この地には伝説がある。海人(うみんちゅ)が人魚を捕らえたところ、「竜宮に帰りたい」と懇願するので海に放った。すると、ほどなく再び海上に姿を見せ、「津波が来るので山に逃げなさい」と告げたという。
こうした津波から奇跡的に難を逃れたという伝説は本土にも少なくない。それだけ津波が恐ろしいものだということを、伝統社会はそれなりに伝えうるものだろうとも思う。なので、というわけでもないが、今回のスマトラ沖地震津波のニュースを聞いたとき、こうした伝統的な知恵が伝えられてなかったのではないかとも思った。
近代化を迎えた日本でも、明治二九年(1896年)、明治三陸大津波では約2万2千人を越える人が津波で死んだ。被害が大きかったのは津波地震特有の揺れの小さいこともあっただろう。震度三程度だったらしい。この地域には慶長の大津波(1611年)の伝承もあったのだから、津波の恐ろしさは伝えられてはいたのだろう。
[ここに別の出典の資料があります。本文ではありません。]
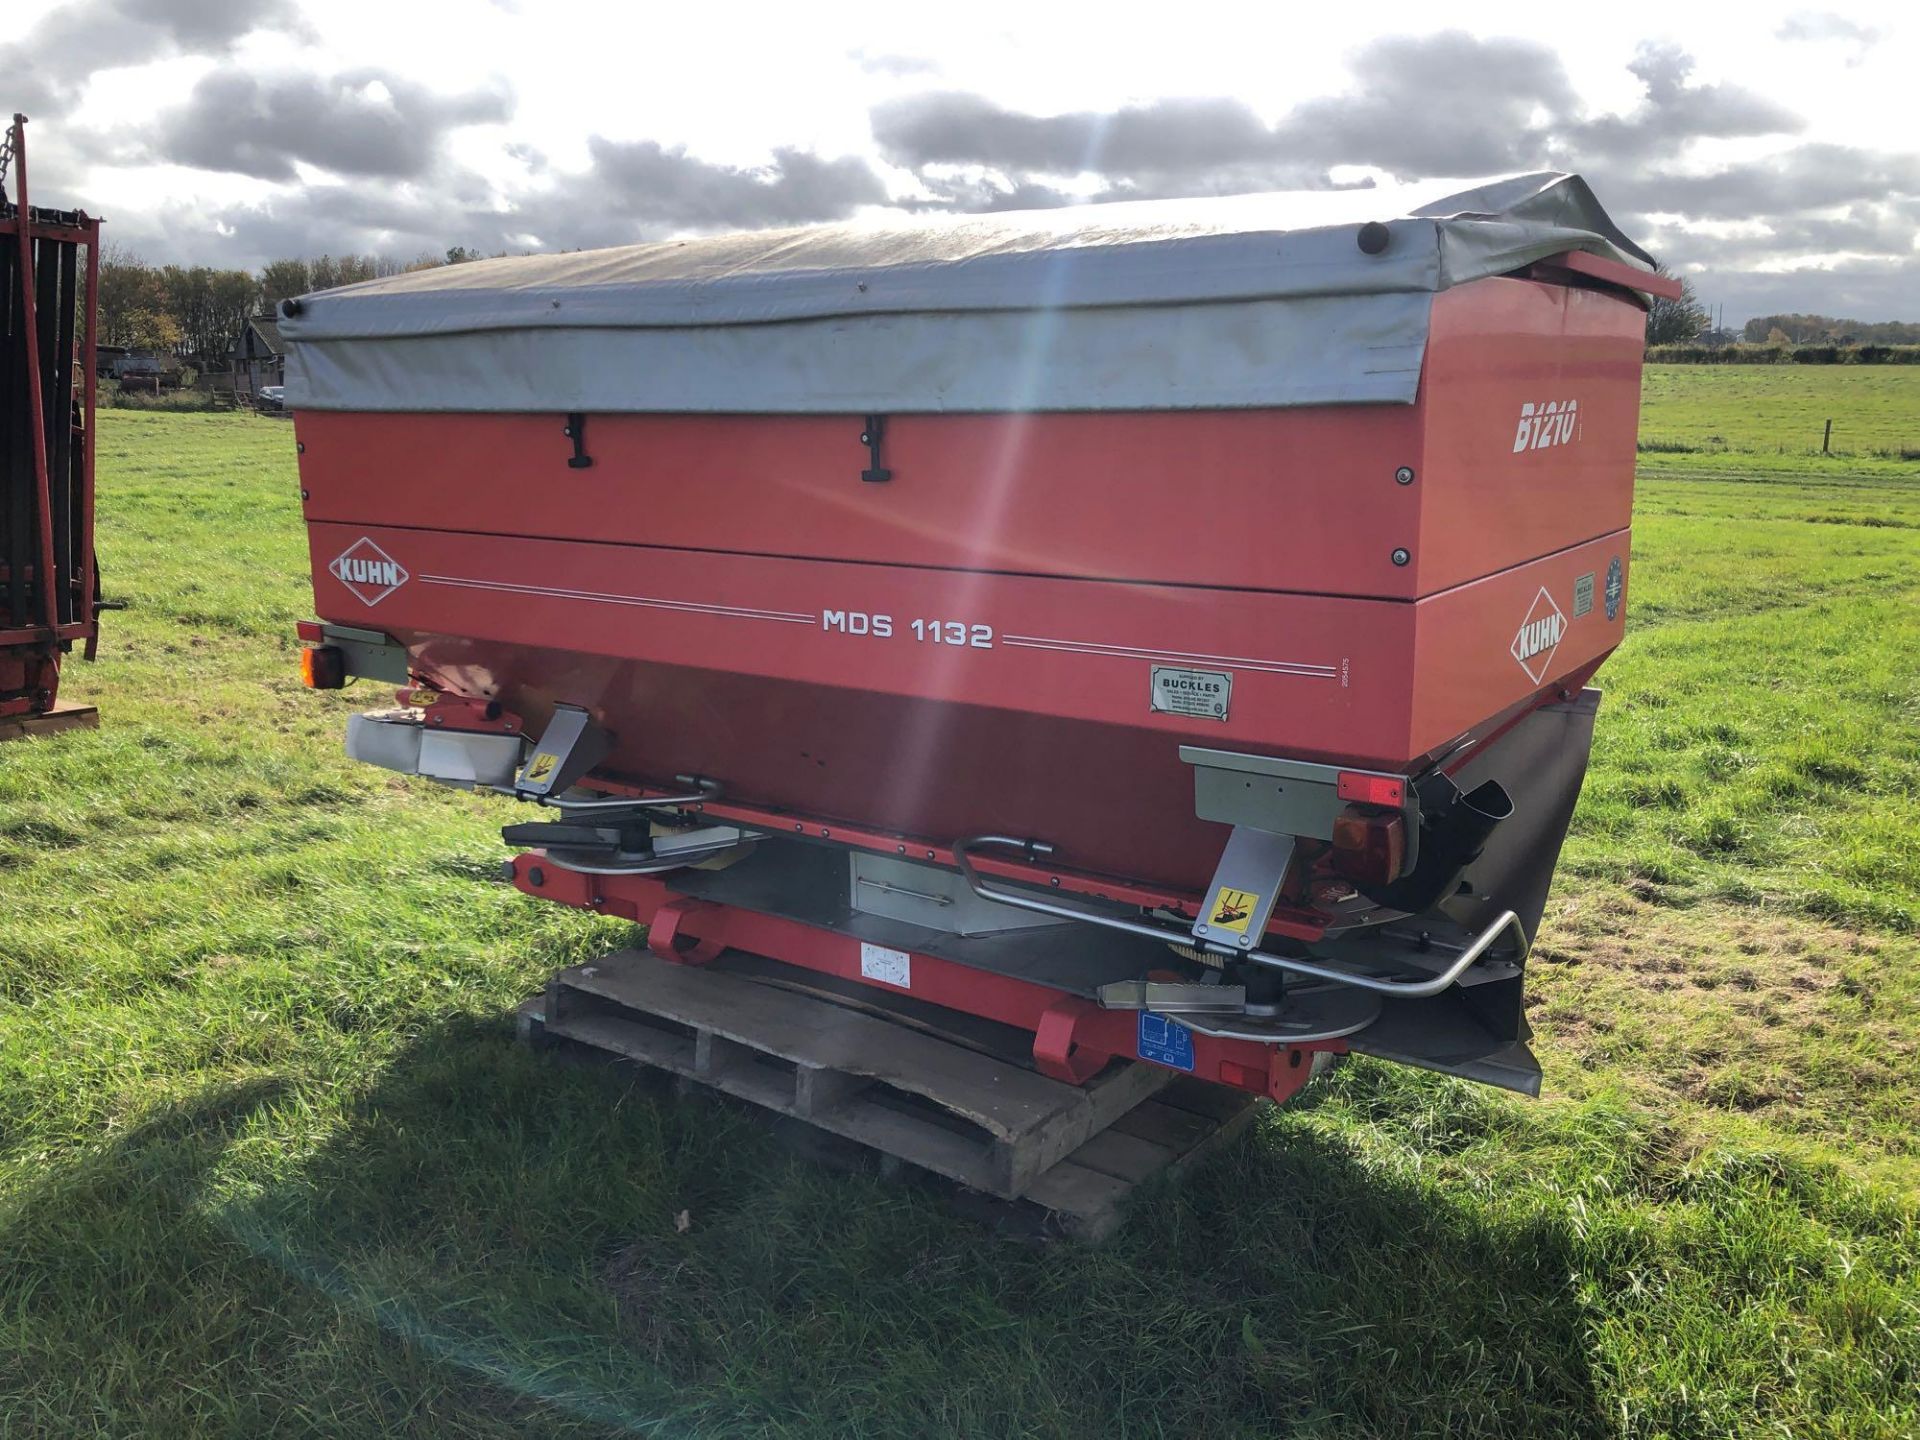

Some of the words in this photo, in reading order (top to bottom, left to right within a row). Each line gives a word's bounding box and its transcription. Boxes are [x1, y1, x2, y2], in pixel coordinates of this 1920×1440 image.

[1513, 399, 1577, 453] B1210
[340, 558, 398, 586] KUHN
[823, 609, 893, 638] MDS
[911, 618, 993, 649] 1132
[1519, 612, 1561, 661] KUHN
[1163, 678, 1220, 693] BUCKLES
明治30年代というと私の祖父母が生まれた時代である。私の祖先は山間の人ではあったが、津波の怖さというもののあるリアリティはしっかり継いでいたように記憶する。
私も津波というものが心底恐いなと思ったのは、津波で百人を越える人が亡くなった昭和58年(1983年)の日本海中部地震の映像を見たときだ。ちょっと言葉に詰まるのだが、本当の津波というのはサーフィンの高波なんていうものではまるでない。マンション群が高速でぐぐっとせまってくるような感じだ。そういえば、昨今のマンションを見上げるとき、津波ってこんなのが襲ってくるのだなと思うことがある。
津波の被害といえば防災をという話題にもなる。しかし、平成五年(1993年)北海道・奥尻島と渡島半島西部を襲い百人以上の死者を出した北海道南西沖地震では、日本海中部地震での津波をもとに築かれた防潮堤だったのに、この時に襲った津波はそれを越えてしまった。
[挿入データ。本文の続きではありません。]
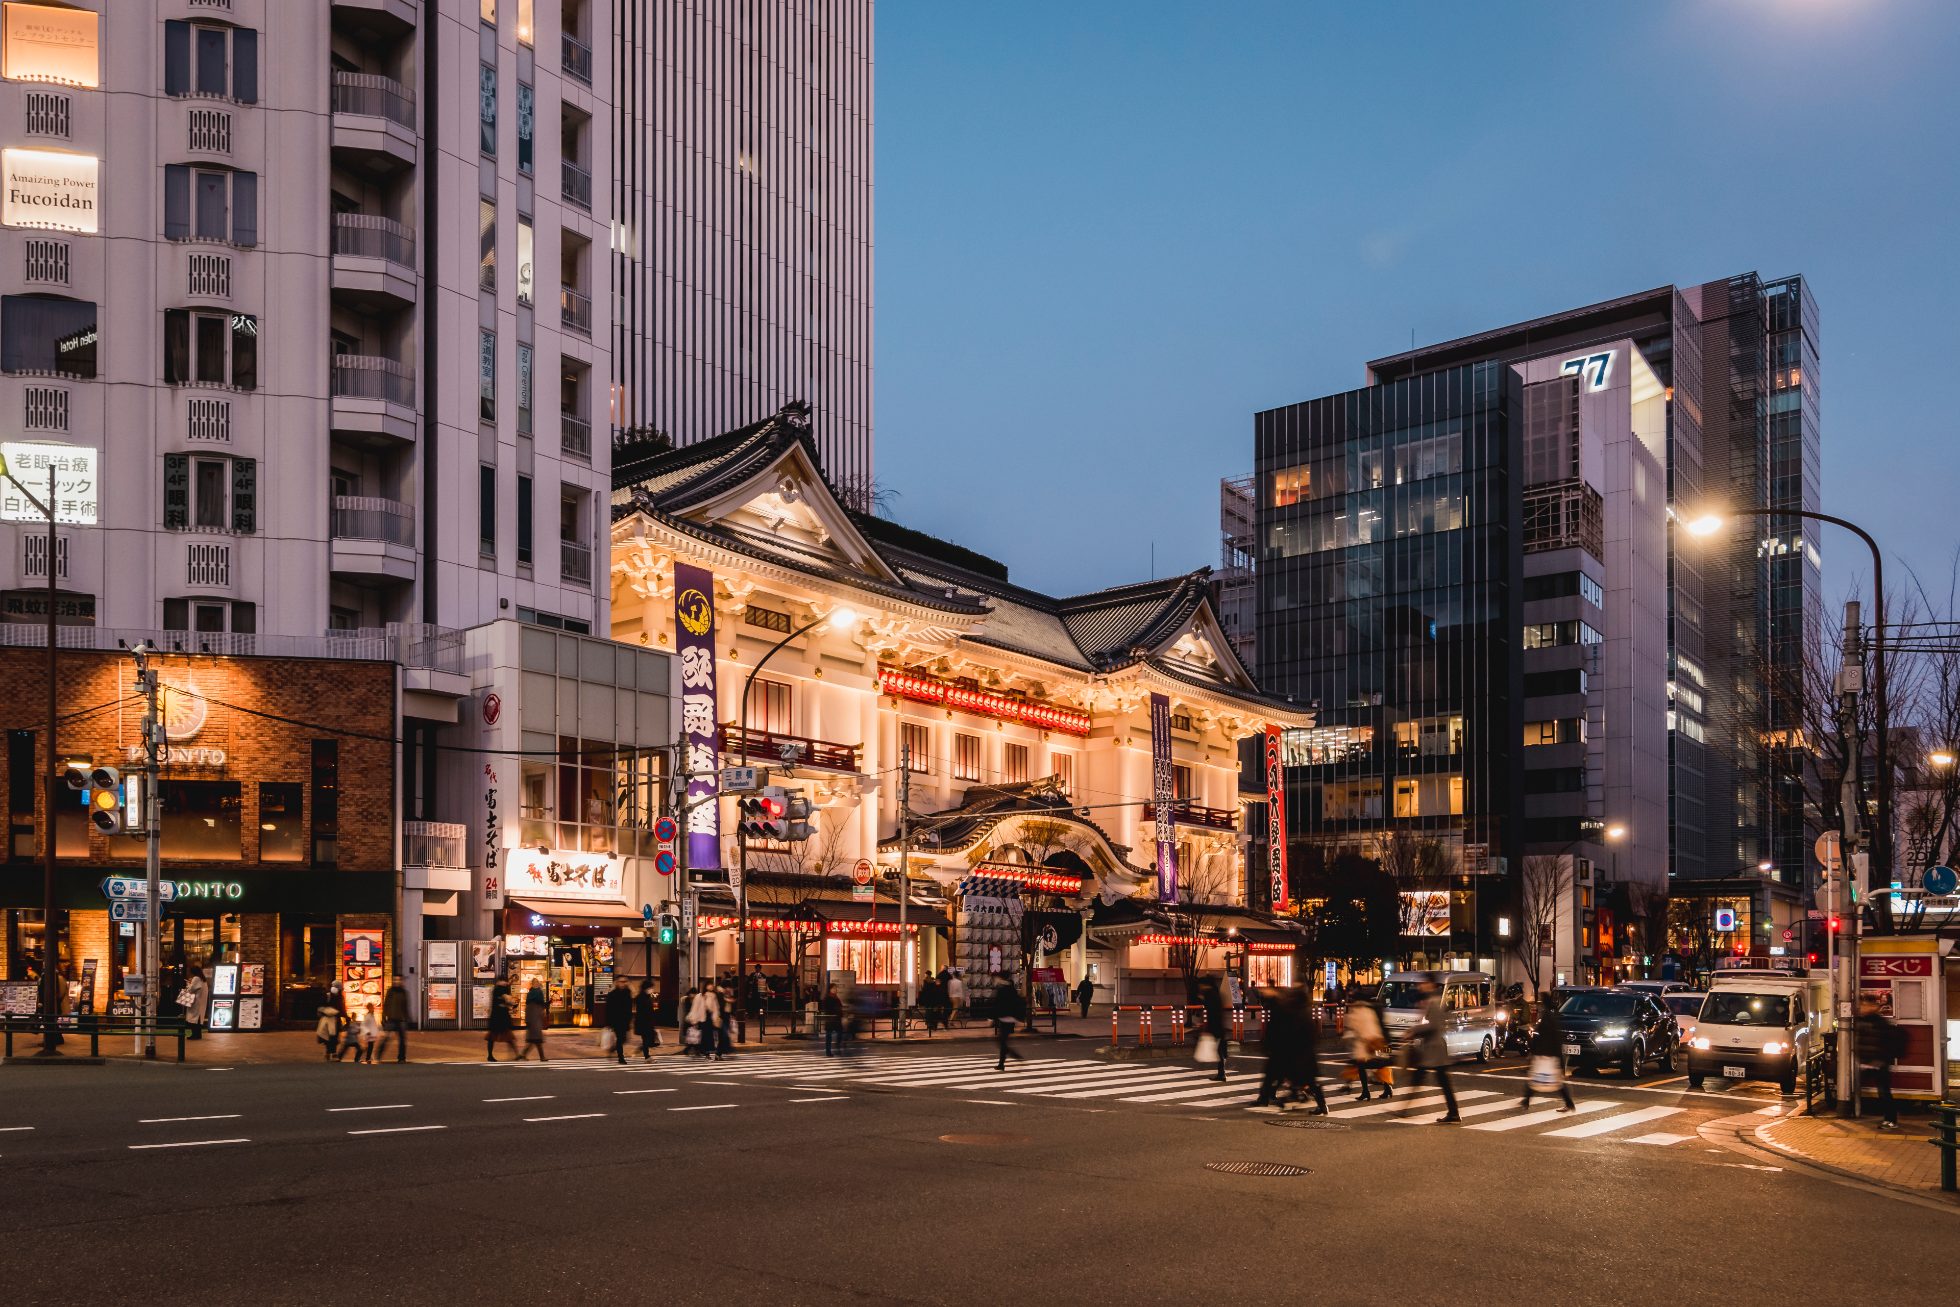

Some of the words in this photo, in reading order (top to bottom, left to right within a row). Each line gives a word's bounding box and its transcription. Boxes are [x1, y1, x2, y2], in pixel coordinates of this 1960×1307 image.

[10, 173, 60, 187] Amaizing
[63, 177, 96, 188] Power
[10, 189, 93, 210] Fucoidan
[481, 333, 492, 378] 茶道教室
[1564, 352, 1611, 387] 77
[520, 365, 529, 408] Ceremony
[15, 453, 88, 473] 老眼治療
[129, 748, 226, 766] PONTO
[484, 788, 499, 869] 富士そば
[485, 877, 498, 890] 24
[546, 860, 609, 889] 富士そば
[113, 884, 125, 892] 304
[177, 882, 242, 898] ONTO
[485, 890, 498, 900] 時間
[1866, 958, 1922, 975] 宝くじ
[112, 1007, 134, 1016] OPEN
今回の津波災害に関する海外の記事では、テレグラフ"A terrible reminder that nature is dangerous"(参照)が私などには心に迫るものがあった。
The extent of yesterday's tidal cataclysm makes it hard to think about the individual losses. Our brains are not designed to compute suffering on such a scale. We can relate to a single death. We can even, with more difficulty, feel grief at an atrocity such as that at Beslan. But, when whole villages are extirpated and thousands slain, our minds seem to skim off the surface. We might cling to the more manageable components - the fate of British tourists, for example - but the swallowing up of whole communities is literally unimaginable.
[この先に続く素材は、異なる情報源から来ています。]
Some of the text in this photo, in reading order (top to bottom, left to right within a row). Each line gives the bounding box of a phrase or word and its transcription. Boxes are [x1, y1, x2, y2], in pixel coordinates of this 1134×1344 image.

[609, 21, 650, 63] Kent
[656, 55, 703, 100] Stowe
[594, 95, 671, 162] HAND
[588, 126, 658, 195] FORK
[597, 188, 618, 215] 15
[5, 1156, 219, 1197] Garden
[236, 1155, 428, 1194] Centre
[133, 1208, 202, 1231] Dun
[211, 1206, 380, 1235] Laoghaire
人間の脳というのは、これほど大惨事を理解するようにはできていないのかもしれない。もちろん、それでいいというわけではない。テレグラフの論調に賛成するものでもないが、人間が自然の前にいかに小さな存在かという事実は愕然と存在する。
追記(2004.12.29)
死者は5万人を越え、WHOは疫病によるさらなる危険性の警告を出している。このエントリでは曖昧にしか扱っていなかったが、被害は対岸のスリランカやインドにも大きい。この距離を考えるに津波の警告は技術的には可能であっただろう。悔やまれてならない。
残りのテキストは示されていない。